(The problem) Skip the pictures and repeat each line of the data exactly.

Top of Data provided

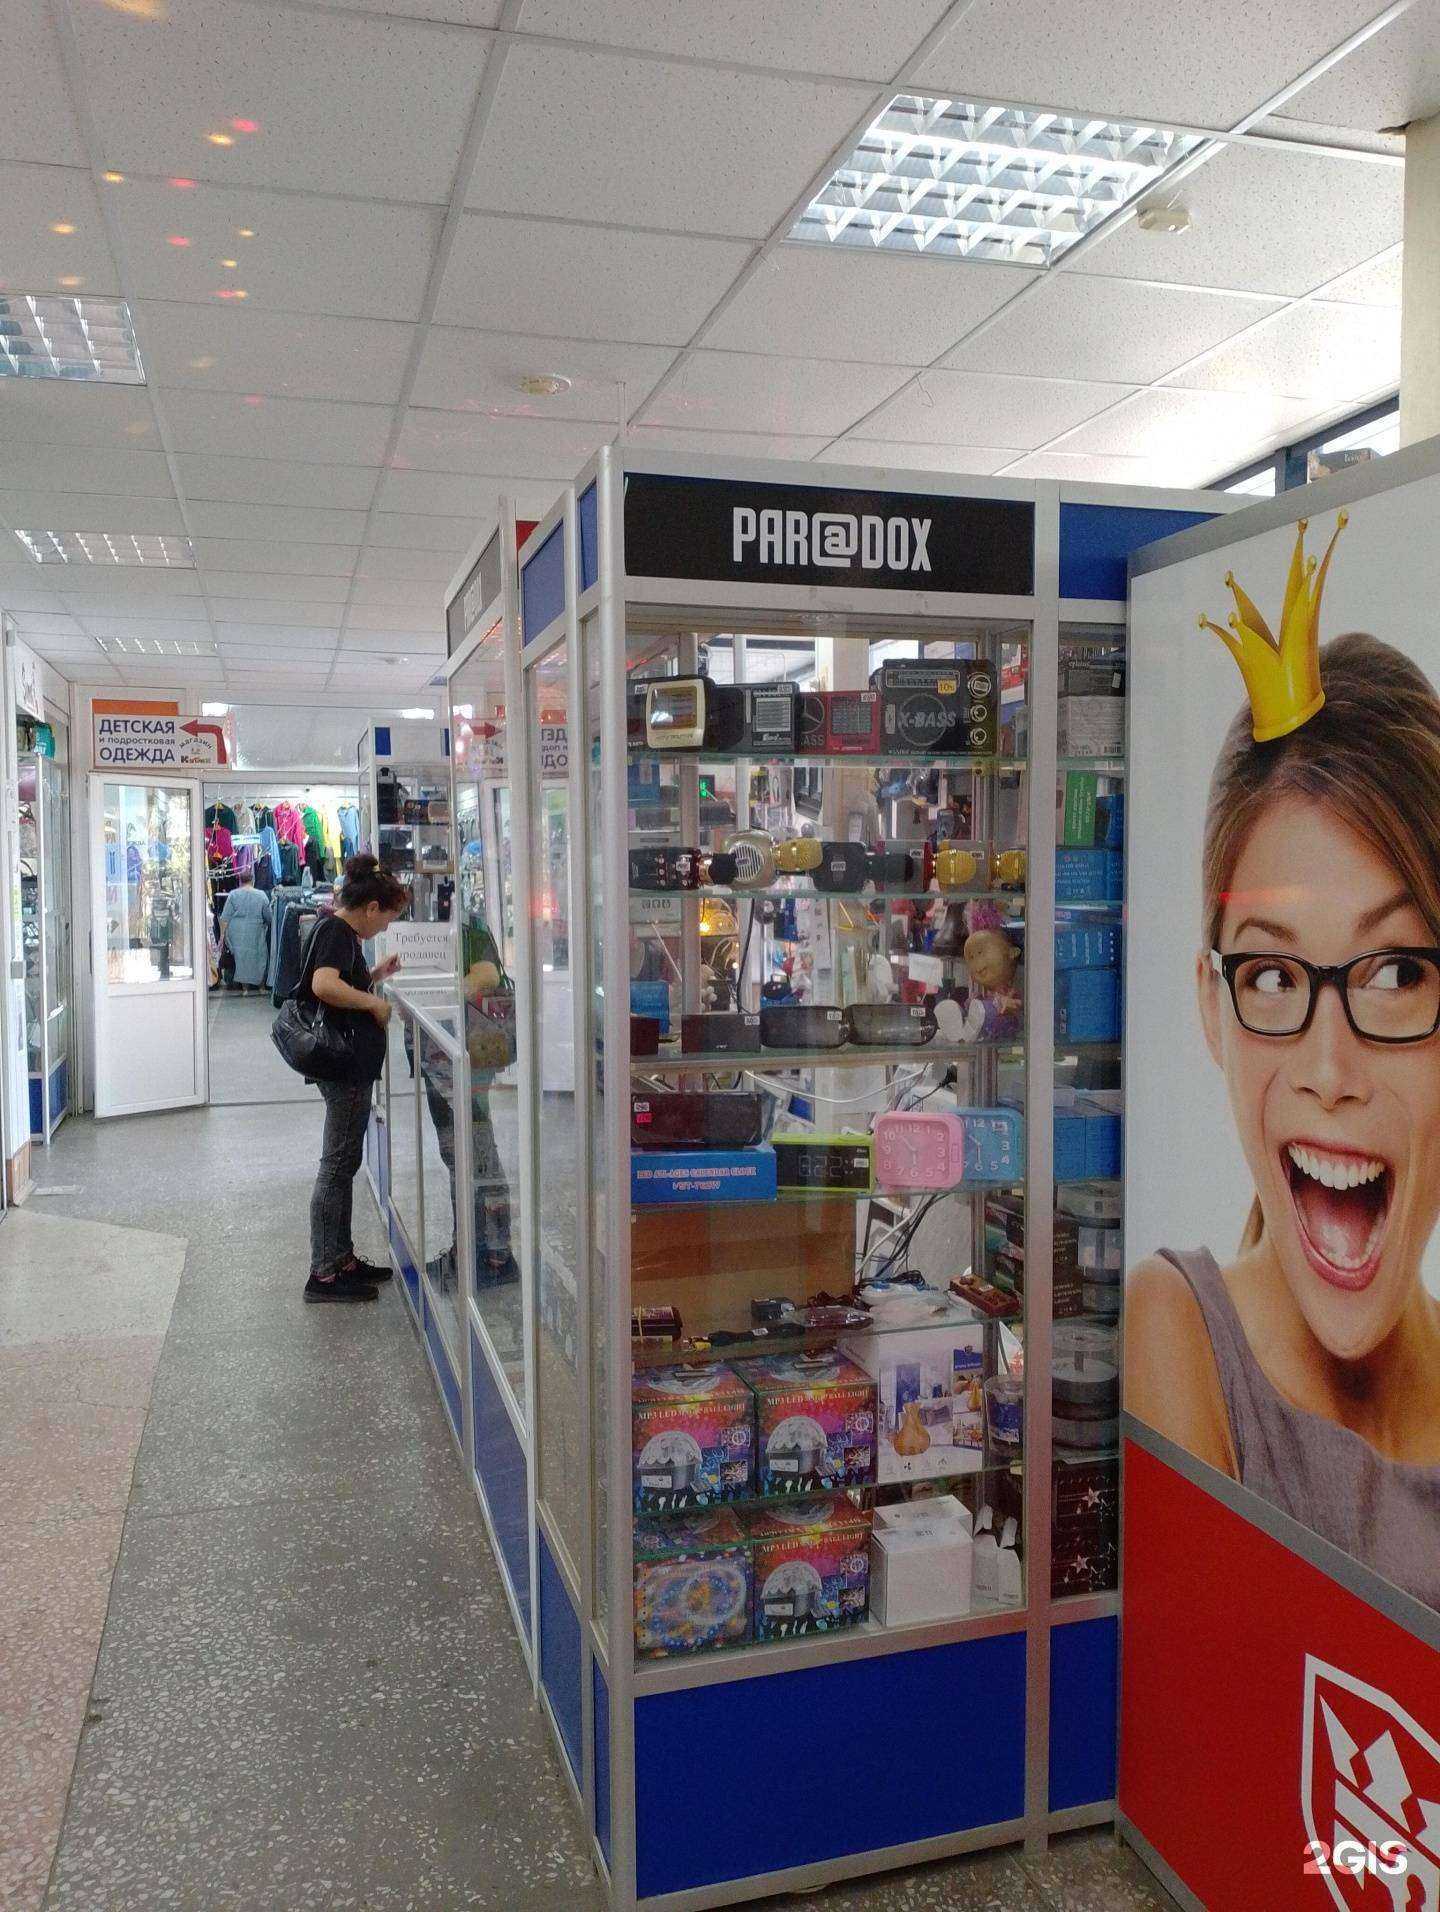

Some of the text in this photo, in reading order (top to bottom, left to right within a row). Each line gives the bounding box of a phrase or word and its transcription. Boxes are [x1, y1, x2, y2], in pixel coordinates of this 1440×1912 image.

[732, 506, 932, 572] PAR@DOX
[99, 719, 175, 735] ДЕТСКАЯ
[901, 711, 956, 728] X-BASS
[107, 736, 175, 747] подростковая
[180, 736, 213, 751] магазин
[100, 747, 175, 764] ОДЕЖДА
[396, 932, 448, 944] Требуется
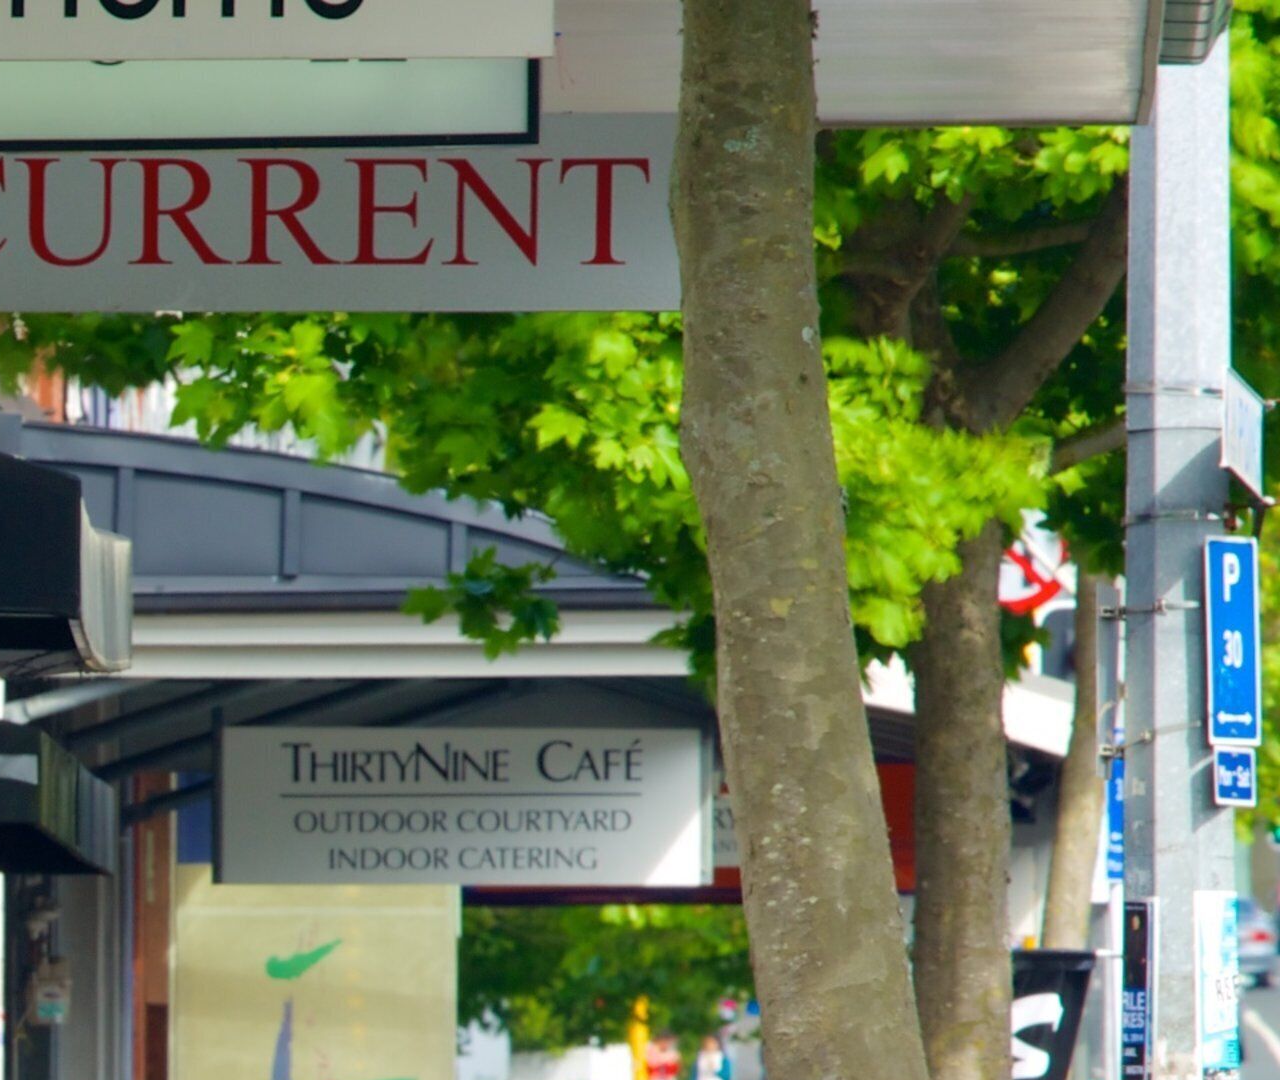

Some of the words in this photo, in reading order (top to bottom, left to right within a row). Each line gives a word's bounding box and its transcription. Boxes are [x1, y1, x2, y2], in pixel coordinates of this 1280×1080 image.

[1222, 552, 1240, 602] P
[1223, 629, 1243, 668] 30
[294, 809, 447, 834] OUTDOOR
[456, 808, 632, 832] COURTYARD
[328, 847, 449, 870] INDOOR
[458, 847, 598, 870] CATERING
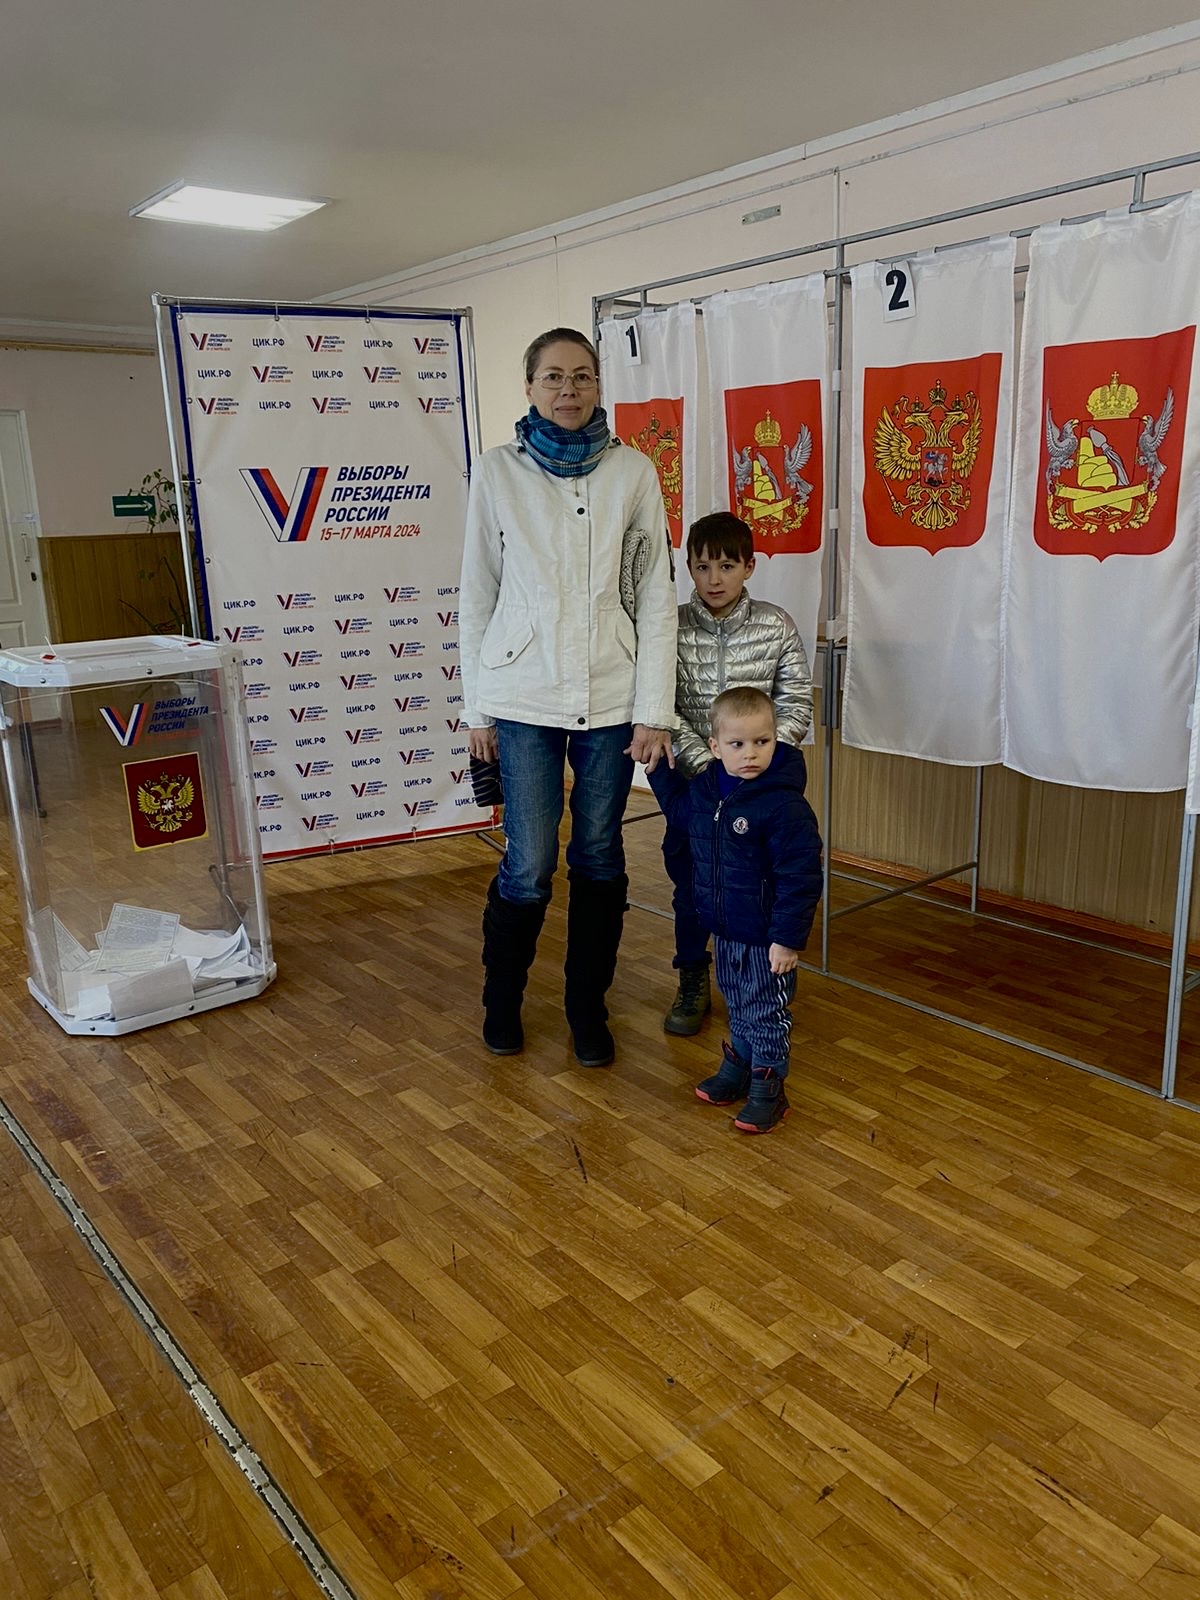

Bottom of Data provided

(Answer box)
Some of the text in this photo, in reading order (top to bottom, left to right within a row). Each line gives the bounding box of a phrase or word and its transcription. Boxes are [x1, y1, x2, y2], in pixel coordinates of this 1440×1912 image.

[732, 506, 932, 572] PAR@DOX
[99, 719, 175, 735] ДЕТСКАЯ
[901, 711, 956, 728] X-BASS
[107, 736, 175, 747] подростковая
[180, 736, 213, 751] магазин
[100, 747, 175, 764] ОДЕЖДА
[396, 932, 448, 944] Требуется

Some of the words in this photo, in reading order (top to bottom, left to right within a row). Each line gives a word's bounding box and its transcription. Boxes are [x1, y1, x2, y2], in pixel coordinates of this 1280×1080 image.

[1222, 552, 1240, 602] P
[1223, 629, 1243, 668] 30
[294, 809, 447, 834] OUTDOOR
[456, 808, 632, 832] COURTYARD
[328, 847, 449, 870] INDOOR
[458, 847, 598, 870] CATERING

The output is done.